> [EXERCISE]
Please make an exact copy of the listing, without the pictures.

> [DATA FOR THIS TASK]
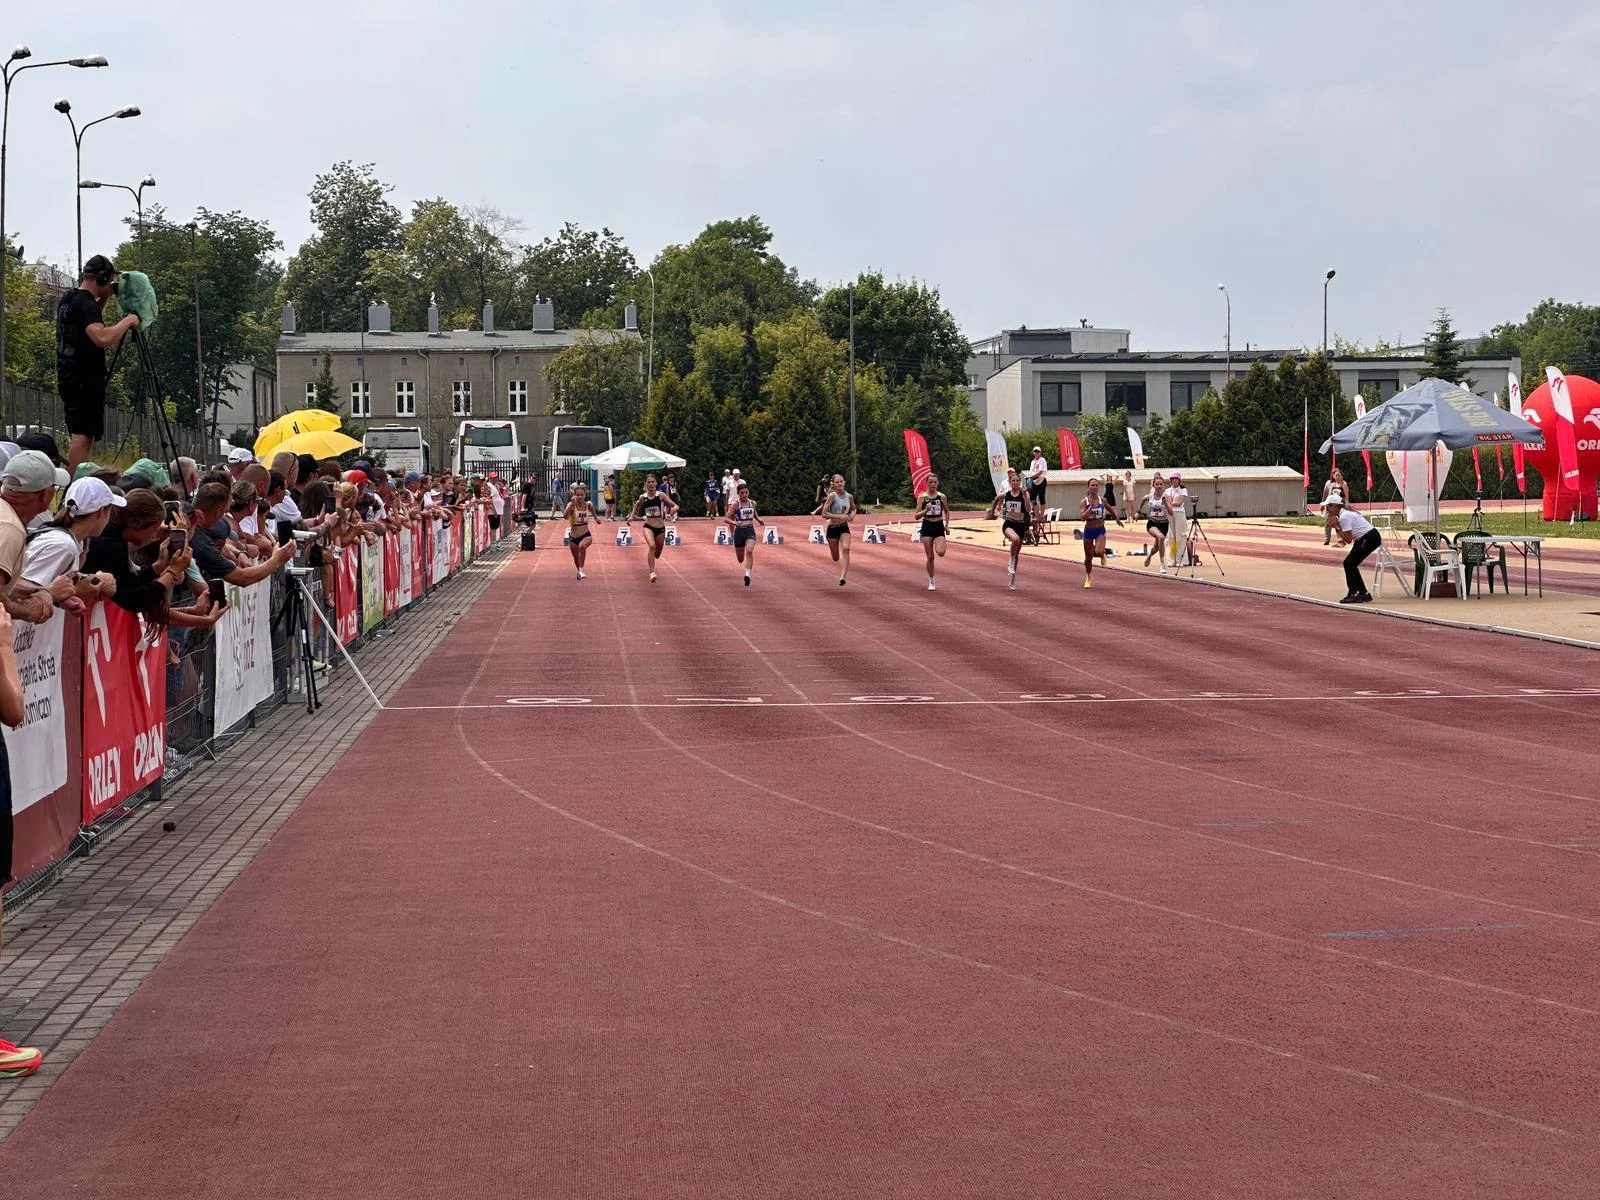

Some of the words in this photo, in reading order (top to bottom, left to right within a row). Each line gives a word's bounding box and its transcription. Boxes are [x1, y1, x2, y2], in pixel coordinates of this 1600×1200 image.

[620, 531, 628, 541] 7
[667, 530, 675, 542] 6
[719, 530, 727, 541] 5
[767, 529, 775, 539] 4
[814, 529, 821, 540] 3
[867, 529, 875, 540] 2

> [RESULT OF THE TASK]
Some of the words in this photo, in reading order (top to bottom, left to right within a row). Each line gives a word's bounding box and its transcription. Boxes are [x1, y1, x2, y2], in pixel coordinates of this 1600×1200 image.

[620, 531, 628, 541] 7
[667, 530, 675, 542] 6
[719, 530, 727, 541] 5
[767, 529, 775, 539] 4
[814, 529, 821, 540] 3
[867, 529, 875, 540] 2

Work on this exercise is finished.